#### What this task involves:
Could you retype every line below exactly, omitting the images?

(Records from a collection)
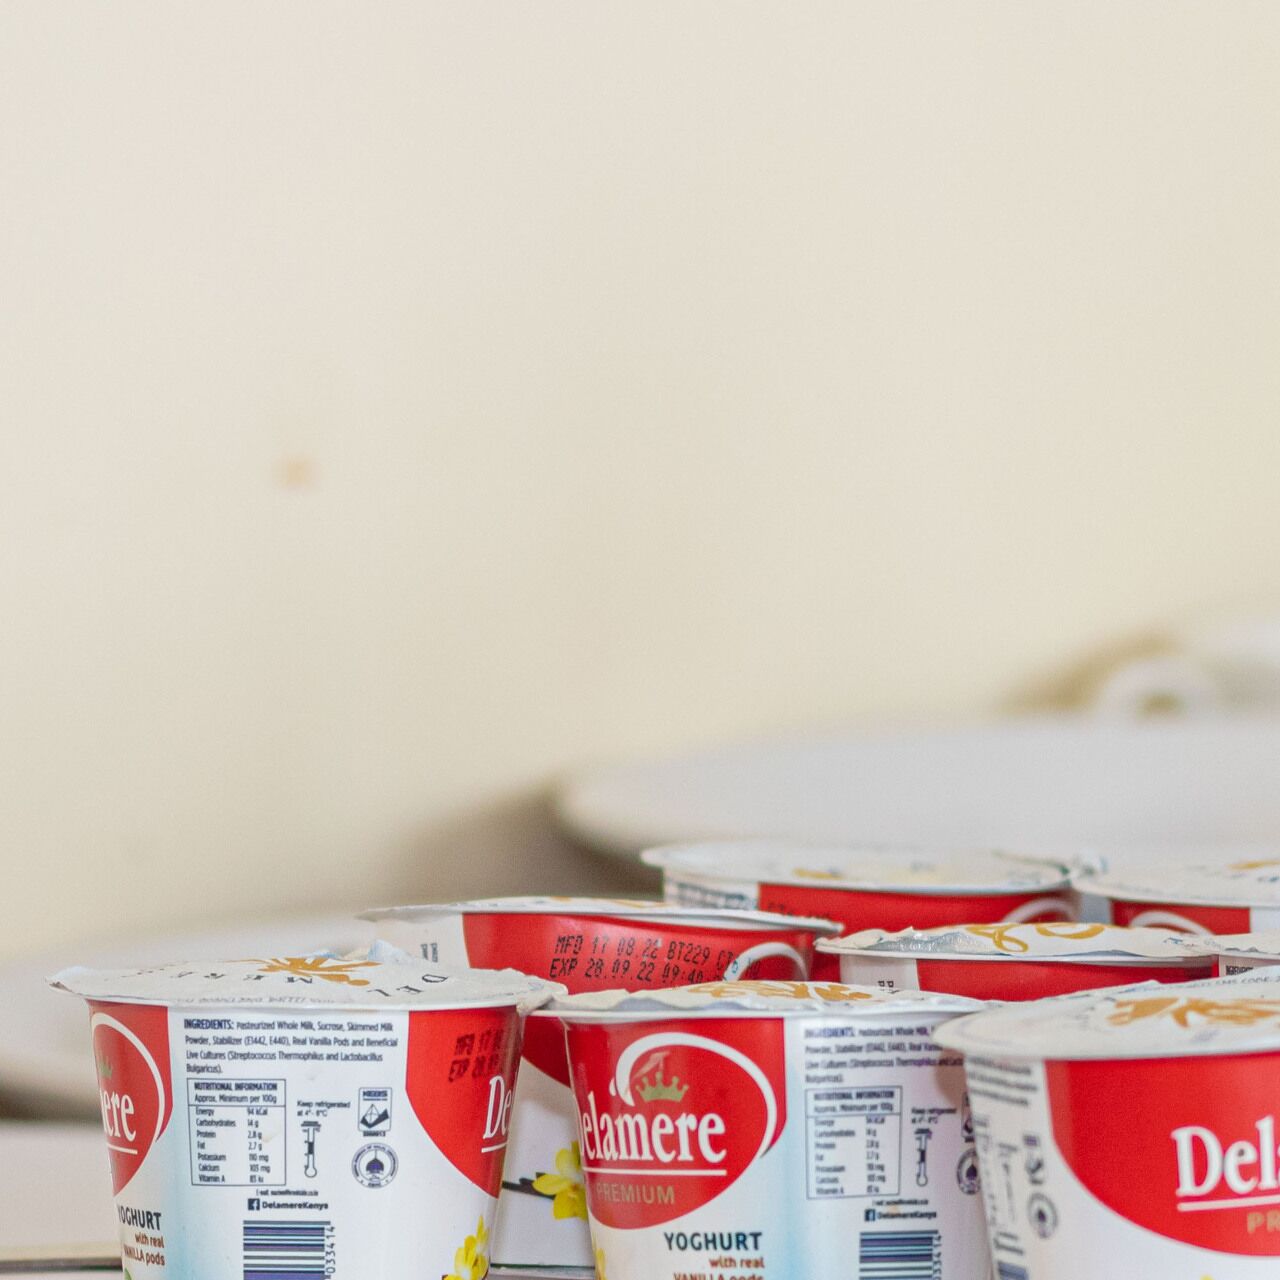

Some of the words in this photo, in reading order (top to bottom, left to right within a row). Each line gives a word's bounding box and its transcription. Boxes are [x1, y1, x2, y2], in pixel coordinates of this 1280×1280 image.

[554, 936, 583, 954] MFD
[592, 936, 609, 954] 17
[549, 958, 579, 978] EXP
[184, 1019, 234, 1031] INGREDIENTS:
[237, 1021, 275, 1031] Pasteurized
[277, 1021, 298, 1031] Whole
[347, 1021, 378, 1032] Skimmed
[380, 1022, 393, 1032] Milk
[185, 1036, 209, 1047] Powder,
[212, 1036, 242, 1046] Stabilizer
[292, 1037, 307, 1047] Real
[309, 1037, 332, 1047] Vanilla
[333, 1037, 349, 1047] Pods
[351, 1037, 365, 1047] and
[366, 1038, 398, 1048] Beneficial
[186, 1051, 197, 1060] Live
[199, 1051, 226, 1061] Cultures
[326, 1052, 339, 1061] and
[194, 1083, 232, 1091] NUTRITIONAL
[234, 1083, 277, 1091] INFORMATION
[219, 1094, 248, 1103] Minimum
[250, 1096, 260, 1104] per
[262, 1095, 277, 1104] 100g
[581, 1090, 727, 1164] elamere
[595, 1183, 675, 1205] PREMIUM
[262, 1200, 329, 1210] DelamereKenya
[134, 1233, 148, 1245] with
[148, 1234, 165, 1248] real
[664, 1232, 763, 1251] YOGHURT
[145, 1249, 166, 1266] pods
[709, 1256, 736, 1269] with
[739, 1256, 765, 1269] real
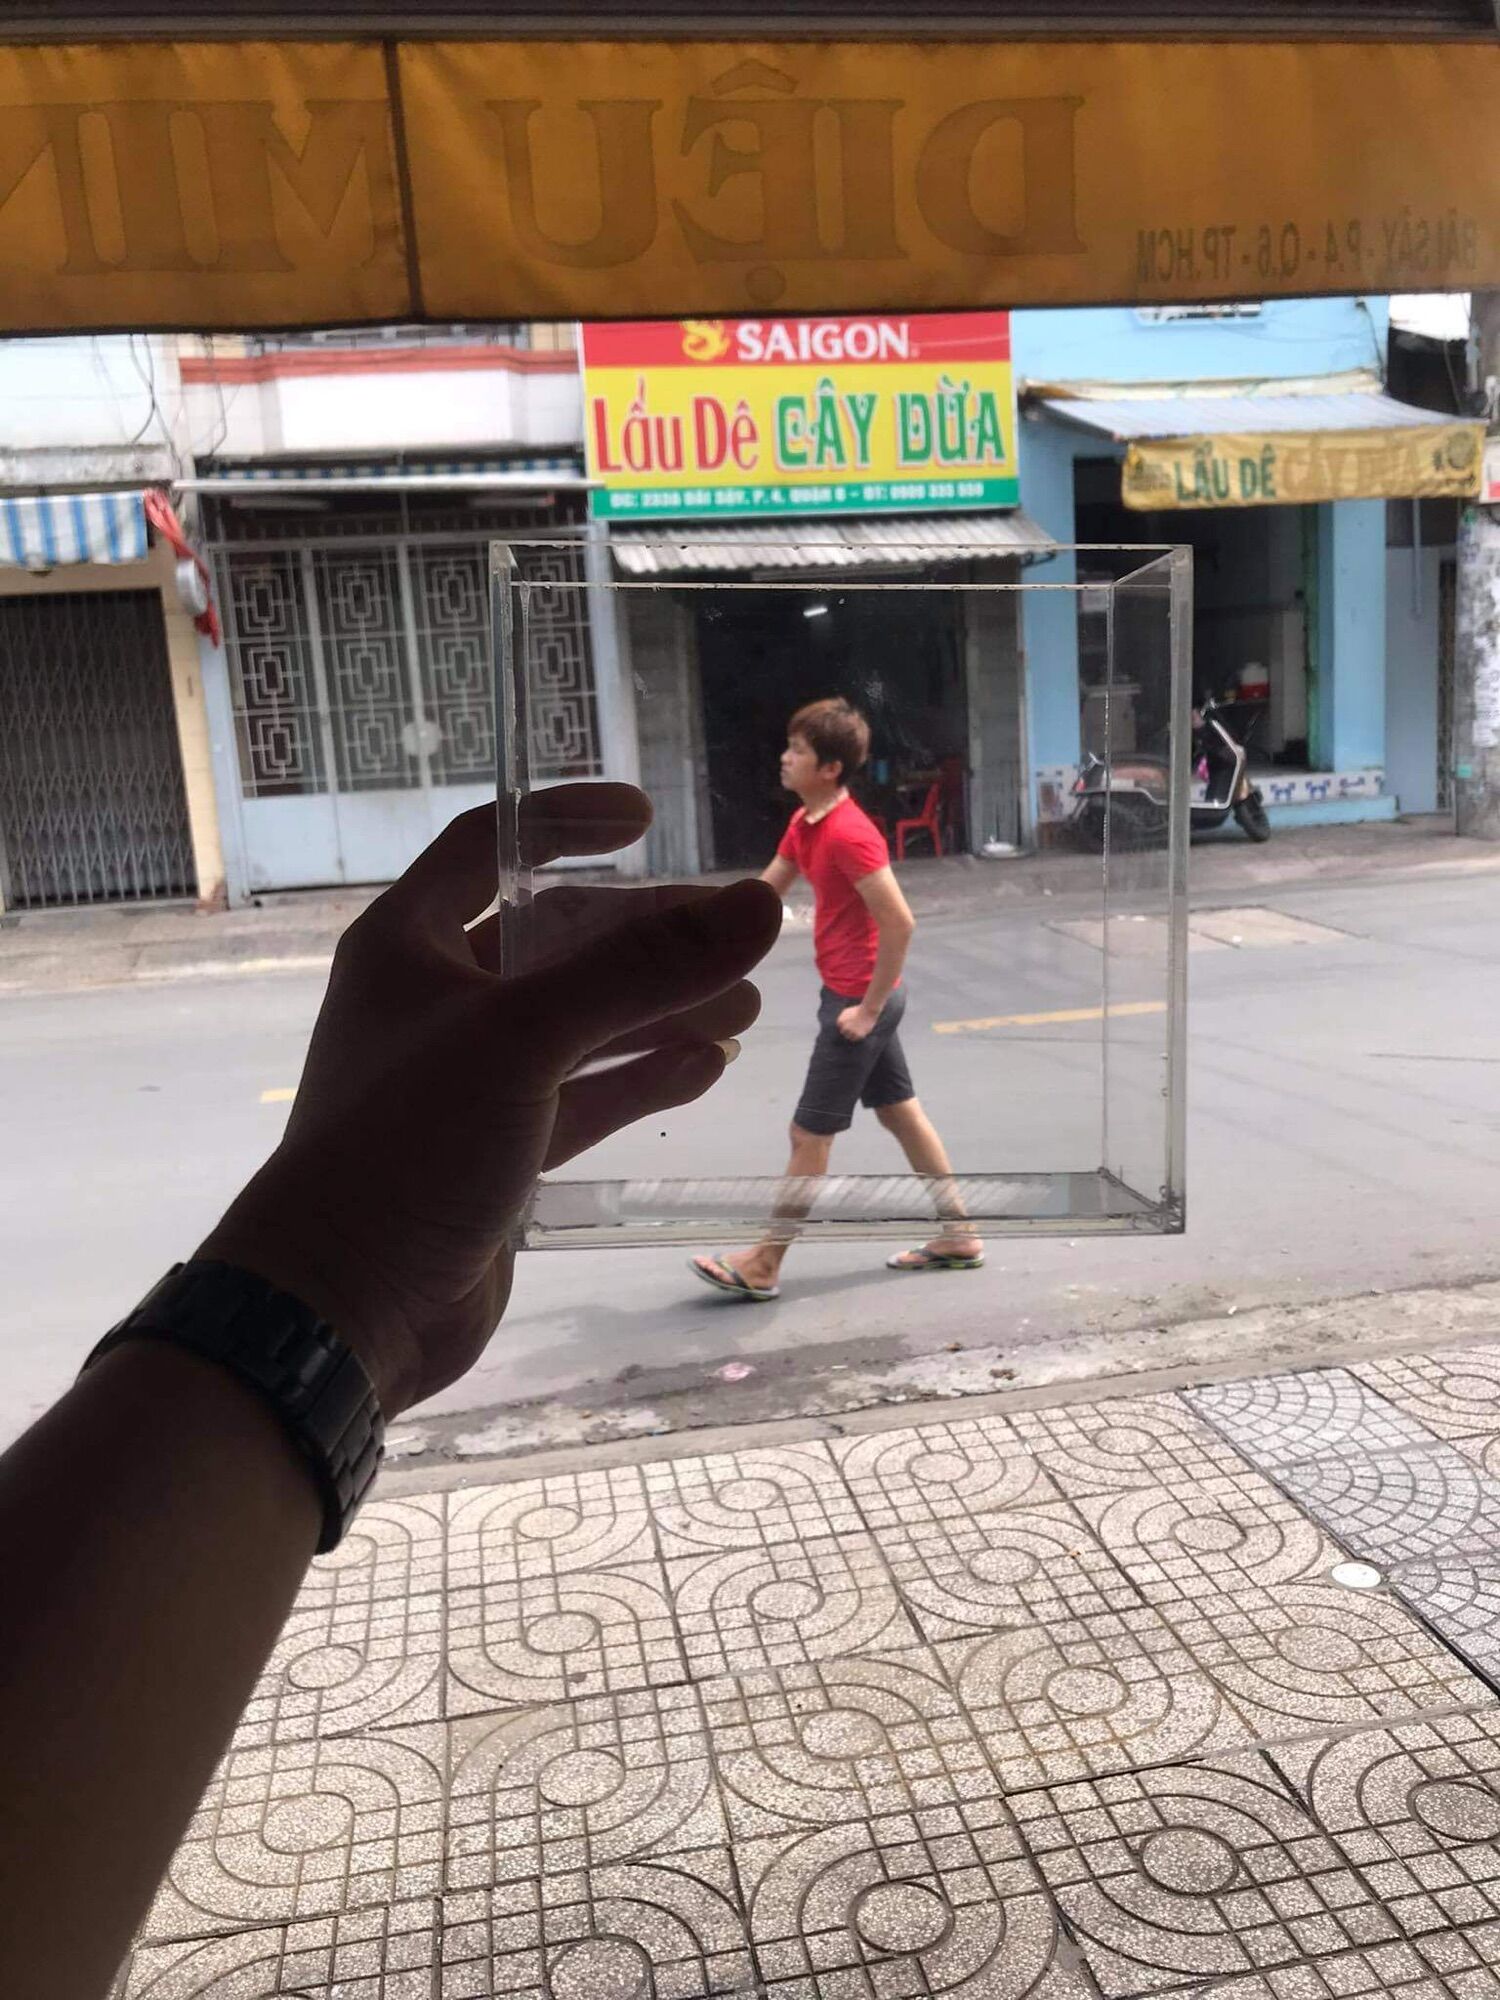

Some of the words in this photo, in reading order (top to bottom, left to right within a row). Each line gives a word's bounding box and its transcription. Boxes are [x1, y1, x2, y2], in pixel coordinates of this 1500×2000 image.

[736, 322, 909, 361] SAIGON
[693, 395, 760, 471] Dê
[775, 375, 878, 470] CÂY
[896, 373, 1006, 468] DỪA
[1239, 443, 1277, 499] DÊ
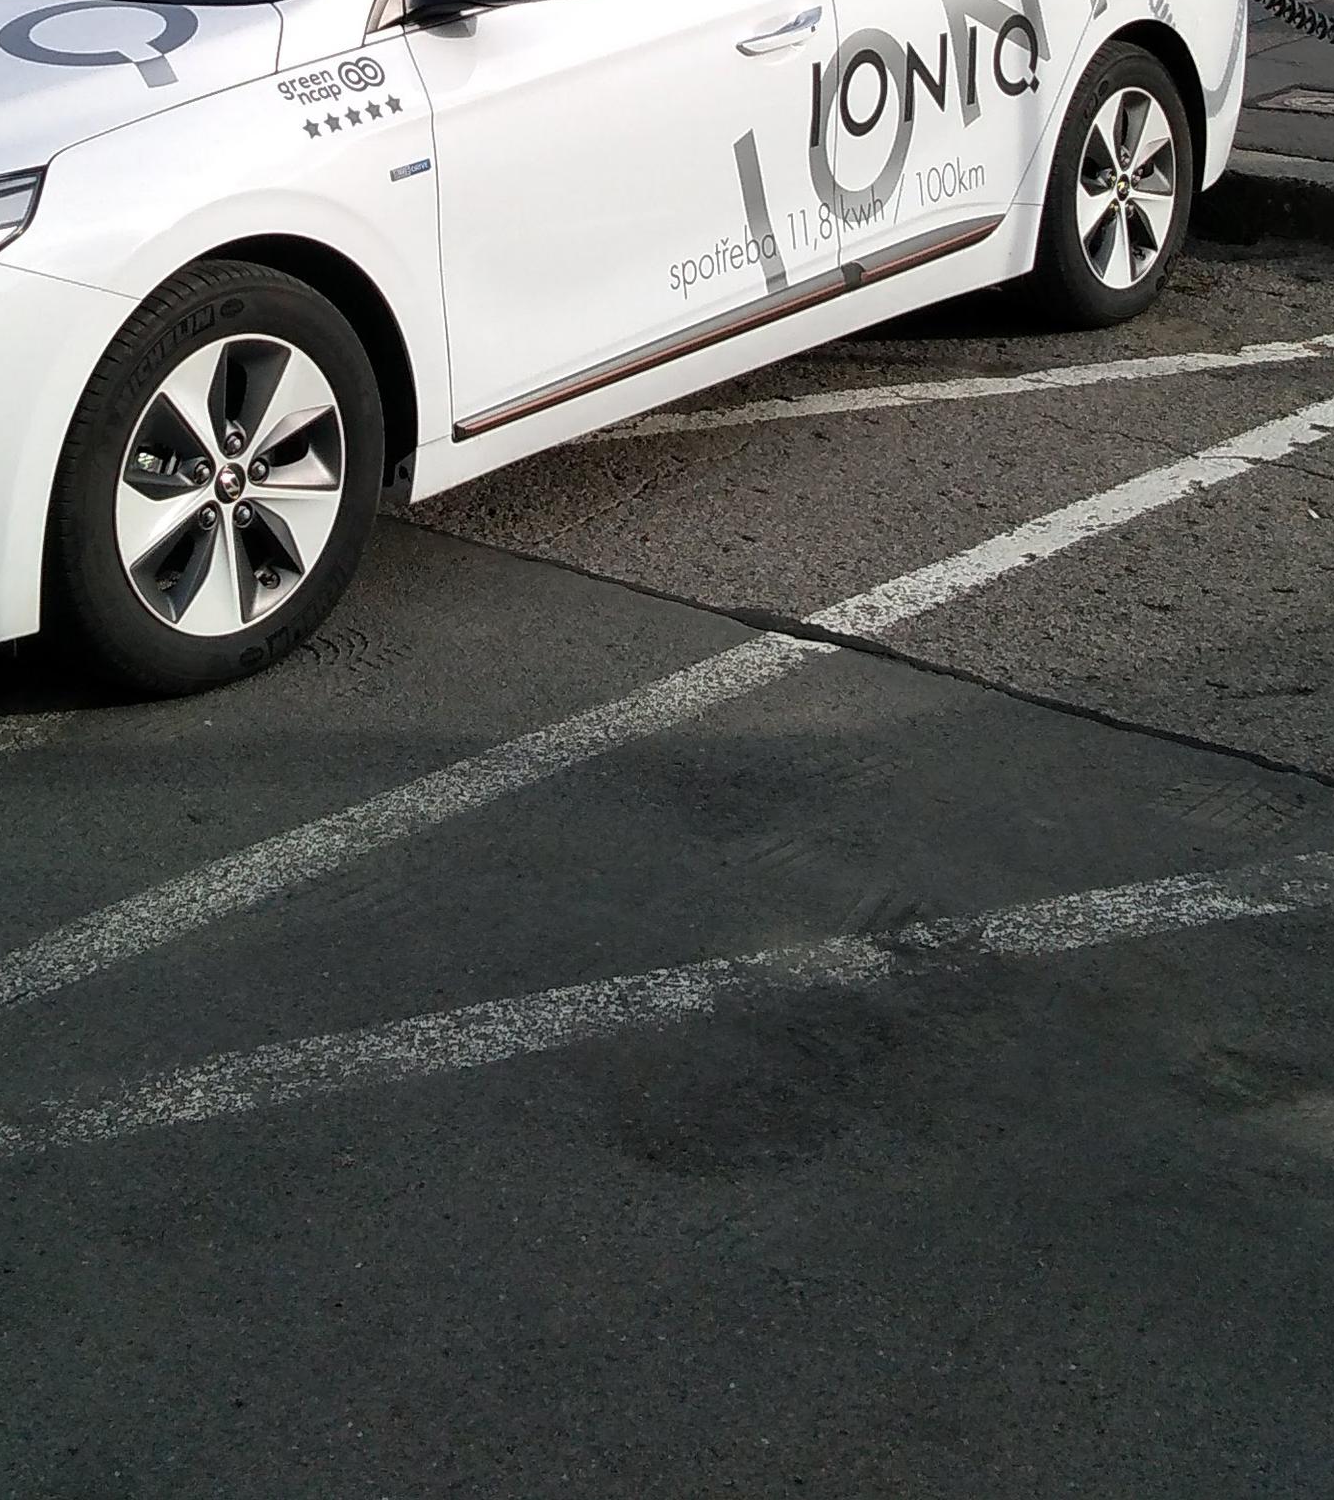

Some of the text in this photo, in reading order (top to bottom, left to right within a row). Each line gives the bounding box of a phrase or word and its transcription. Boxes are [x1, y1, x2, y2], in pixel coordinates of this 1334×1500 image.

[277, 69, 335, 100] green
[296, 82, 342, 106] ncap
[809, 14, 1041, 148] IONIQ
[669, 224, 777, 300] spotřeba
[787, 202, 832, 251] 11,8
[840, 184, 885, 234] kwh
[916, 156, 985, 207] 100km
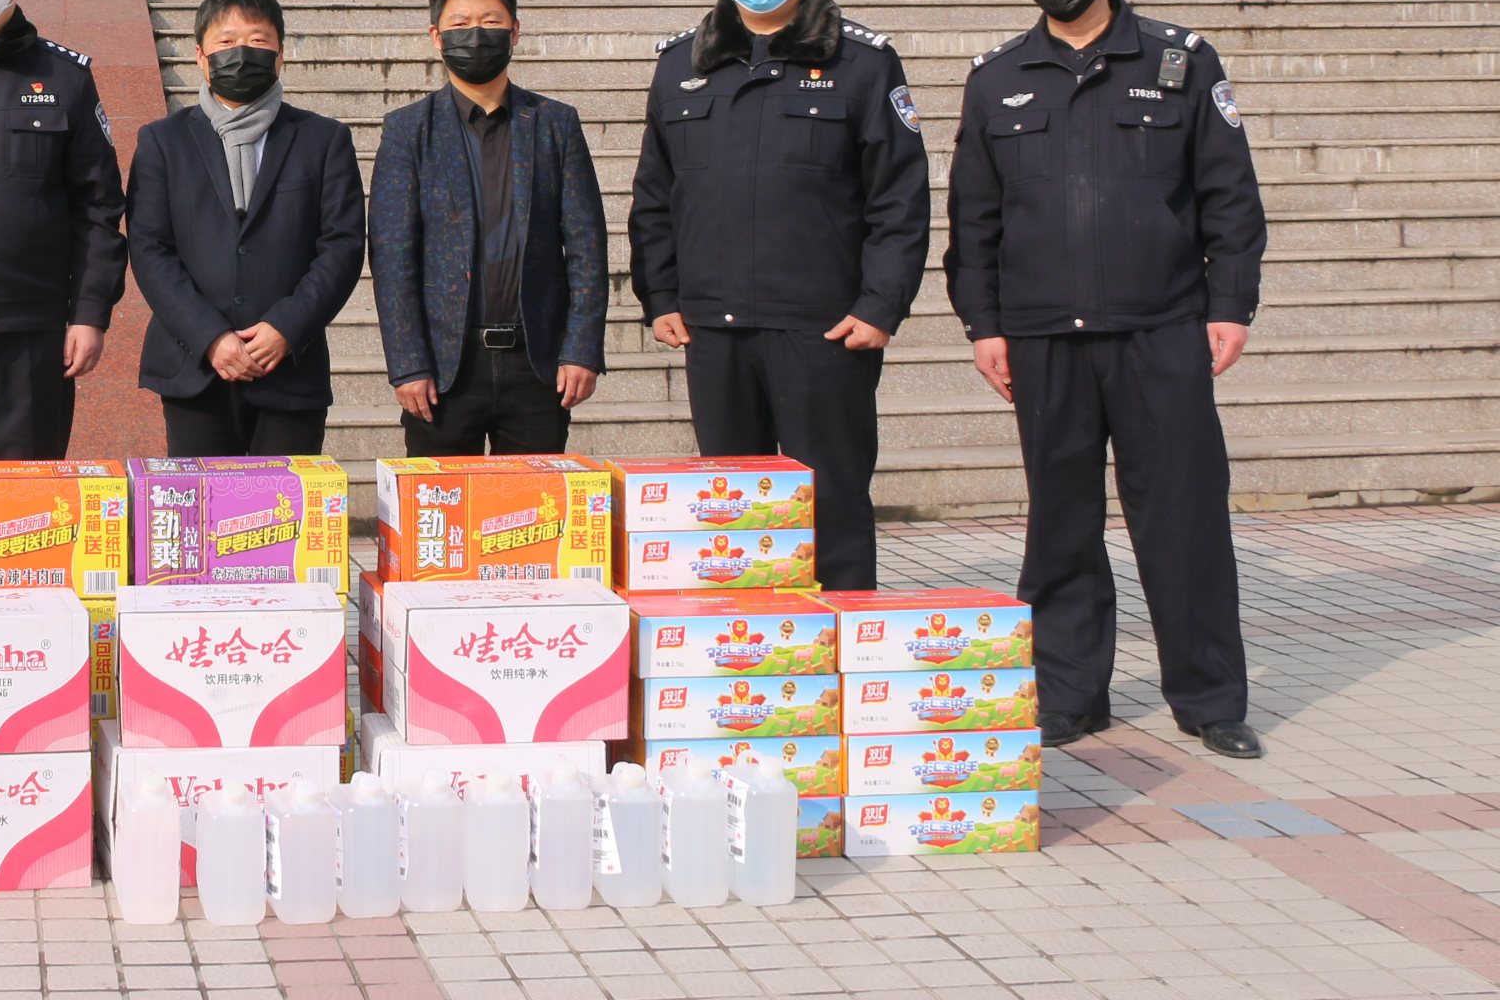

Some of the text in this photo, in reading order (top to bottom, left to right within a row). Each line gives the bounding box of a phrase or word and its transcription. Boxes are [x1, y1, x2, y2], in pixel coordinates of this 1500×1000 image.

[799, 80, 834, 89] 175616
[21, 94, 55, 103] 072928
[1129, 88, 1163, 99] 176251
[644, 483, 666, 499] 双汇
[687, 499, 752, 514] 双汇王中王
[85, 494, 102, 555] 箱箱送
[307, 490, 324, 551] 箱箱送
[570, 489, 588, 549] 箱箱送
[151, 509, 182, 570] 劲爽
[417, 508, 446, 569] 劲爽
[183, 526, 199, 570] 拉面
[448, 525, 464, 569] 拉面
[646, 541, 667, 557] 双汇
[478, 563, 551, 581] 香辣牛肉面
[688, 557, 753, 572] 双汇王中王
[212, 565, 289, 581] 老坛酸菜牛肉面
[660, 628, 682, 643] 双汇
[861, 623, 880, 637] 双汇
[165, 625, 303, 669] 娃哈哈
[453, 621, 589, 663] 娃哈哈
[904, 637, 971, 652] 双汇王中王
[705, 643, 773, 659] 双汇王中王
[204, 673, 264, 685] 饮用纯净水
[490, 668, 549, 680] 饮用纯净水
[662, 689, 684, 704] 双汇
[865, 683, 885, 698] 双汇
[707, 704, 775, 719] 双汇王中王
[908, 697, 975, 712] 双汇王中王
[868, 747, 888, 762] 双汇
[912, 761, 979, 776] 双汇王中王
[864, 807, 885, 821] 双汇
[908, 820, 975, 835] 双汇王中王

#### Expected answer:
Some of the words in this photo, in reading order (top to bottom, left to right within a row). Each line gives a word's bounding box and its transcription. Boxes are [x1, y1, x2, y2], in pixel coordinates of this 1280×1280 image.

[554, 936, 583, 954] MFD
[592, 936, 609, 954] 17
[549, 958, 579, 978] EXP
[184, 1019, 234, 1031] INGREDIENTS:
[237, 1021, 275, 1031] Pasteurized
[277, 1021, 298, 1031] Whole
[347, 1021, 378, 1032] Skimmed
[380, 1022, 393, 1032] Milk
[185, 1036, 209, 1047] Powder,
[212, 1036, 242, 1046] Stabilizer
[292, 1037, 307, 1047] Real
[309, 1037, 332, 1047] Vanilla
[333, 1037, 349, 1047] Pods
[351, 1037, 365, 1047] and
[366, 1038, 398, 1048] Beneficial
[186, 1051, 197, 1060] Live
[199, 1051, 226, 1061] Cultures
[326, 1052, 339, 1061] and
[194, 1083, 232, 1091] NUTRITIONAL
[234, 1083, 277, 1091] INFORMATION
[219, 1094, 248, 1103] Minimum
[250, 1096, 260, 1104] per
[262, 1095, 277, 1104] 100g
[581, 1090, 727, 1164] elamere
[595, 1183, 675, 1205] PREMIUM
[262, 1200, 329, 1210] DelamereKenya
[134, 1233, 148, 1245] with
[148, 1234, 165, 1248] real
[664, 1232, 763, 1251] YOGHURT
[145, 1249, 166, 1266] pods
[709, 1256, 736, 1269] with
[739, 1256, 765, 1269] real

Some of the words in this photo, in reading order (top to bottom, left to right within a row). Each line gives a word's bounding box and its transcription. Boxes are [x1, y1, x2, y2], in pixel coordinates of this 1500×2000 image.

[736, 322, 909, 361] SAIGON
[693, 395, 760, 471] Dê
[775, 375, 878, 470] CÂY
[896, 373, 1006, 468] DỪA
[1239, 443, 1277, 499] DÊ

Some of the text in this photo, in reading order (top to bottom, left to right within a row). Each line gives the bounding box of a phrase or word and its transcription. Boxes are [x1, y1, x2, y2], in pixel coordinates of this 1334×1500 image.

[277, 69, 335, 100] green
[296, 82, 342, 106] ncap
[809, 14, 1041, 148] IONIQ
[669, 224, 777, 300] spotřeba
[787, 202, 832, 251] 11,8
[840, 184, 885, 234] kwh
[916, 156, 985, 207] 100km

Some of the text in this photo, in reading order (top to bottom, left to right within a row). Each line gives the bounding box of a phrase or word and its transcription. Boxes are [x1, y1, x2, y2], in pixel coordinates of this 1500×1000 image.

[799, 80, 834, 89] 175616
[21, 94, 55, 103] 072928
[1129, 88, 1163, 99] 176251
[644, 483, 666, 499] 双汇
[687, 499, 752, 514] 双汇王中王
[85, 494, 102, 555] 箱箱送
[307, 490, 324, 551] 箱箱送
[570, 489, 588, 549] 箱箱送
[151, 509, 182, 570] 劲爽
[417, 508, 446, 569] 劲爽
[183, 526, 199, 570] 拉面
[448, 525, 464, 569] 拉面
[646, 541, 667, 557] 双汇
[478, 563, 551, 581] 香辣牛肉面
[688, 557, 753, 572] 双汇王中王
[212, 565, 289, 581] 老坛酸菜牛肉面
[660, 628, 682, 643] 双汇
[861, 623, 880, 637] 双汇
[165, 625, 303, 669] 娃哈哈
[453, 621, 589, 663] 娃哈哈
[904, 637, 971, 652] 双汇王中王
[705, 643, 773, 659] 双汇王中王
[204, 673, 264, 685] 饮用纯净水
[490, 668, 549, 680] 饮用纯净水
[662, 689, 684, 704] 双汇
[865, 683, 885, 698] 双汇
[707, 704, 775, 719] 双汇王中王
[908, 697, 975, 712] 双汇王中王
[868, 747, 888, 762] 双汇
[912, 761, 979, 776] 双汇王中王
[864, 807, 885, 821] 双汇
[908, 820, 975, 835] 双汇王中王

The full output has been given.